(Stored entries)
Content starts
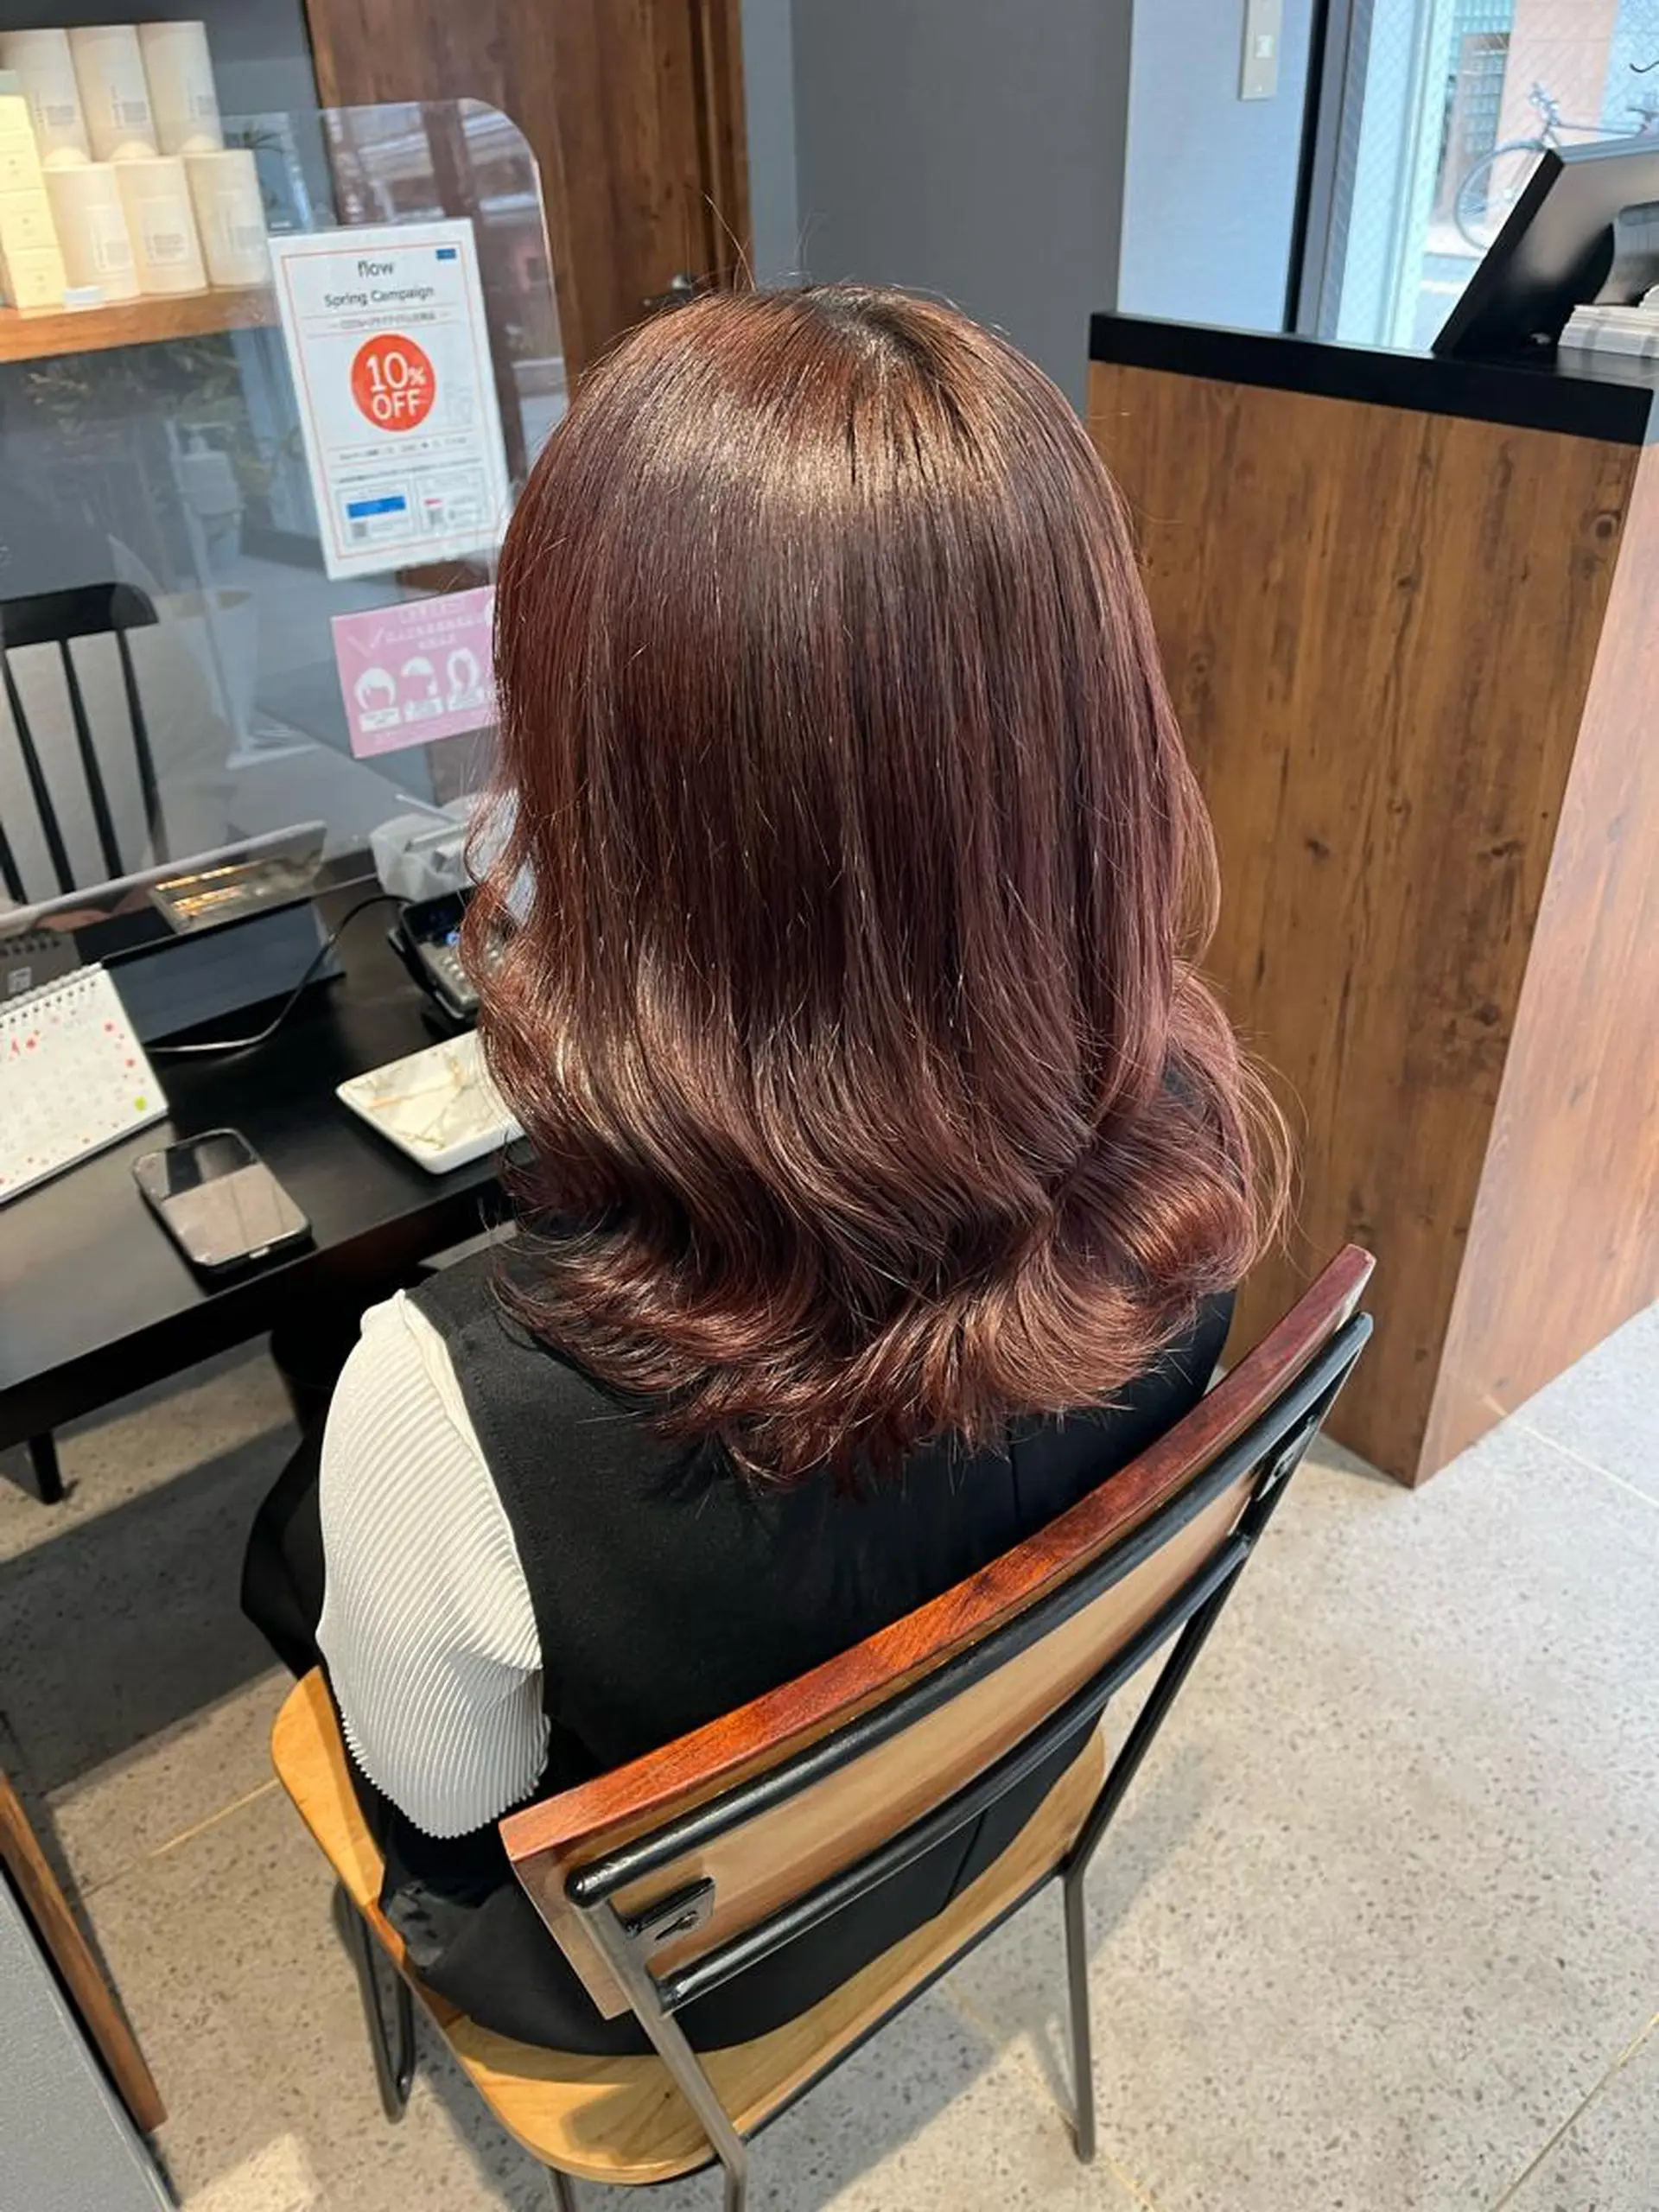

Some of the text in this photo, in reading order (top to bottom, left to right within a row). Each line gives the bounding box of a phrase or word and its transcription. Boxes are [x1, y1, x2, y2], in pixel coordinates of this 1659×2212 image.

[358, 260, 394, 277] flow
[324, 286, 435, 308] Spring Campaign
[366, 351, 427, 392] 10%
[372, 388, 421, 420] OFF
Content ends
Leave every picture out and output the records exactly.

[Solution for this problem]
Some of the text in this photo, in reading order (top to bottom, left to right within a row). Each line gives the bounding box of a phrase or word and its transcription. Boxes are [x1, y1, x2, y2], in pixel coordinates of this 1659×2212 image.

[358, 260, 394, 277] flow
[324, 286, 435, 308] Spring Campaign
[366, 351, 427, 392] 10%
[372, 388, 421, 420] OFF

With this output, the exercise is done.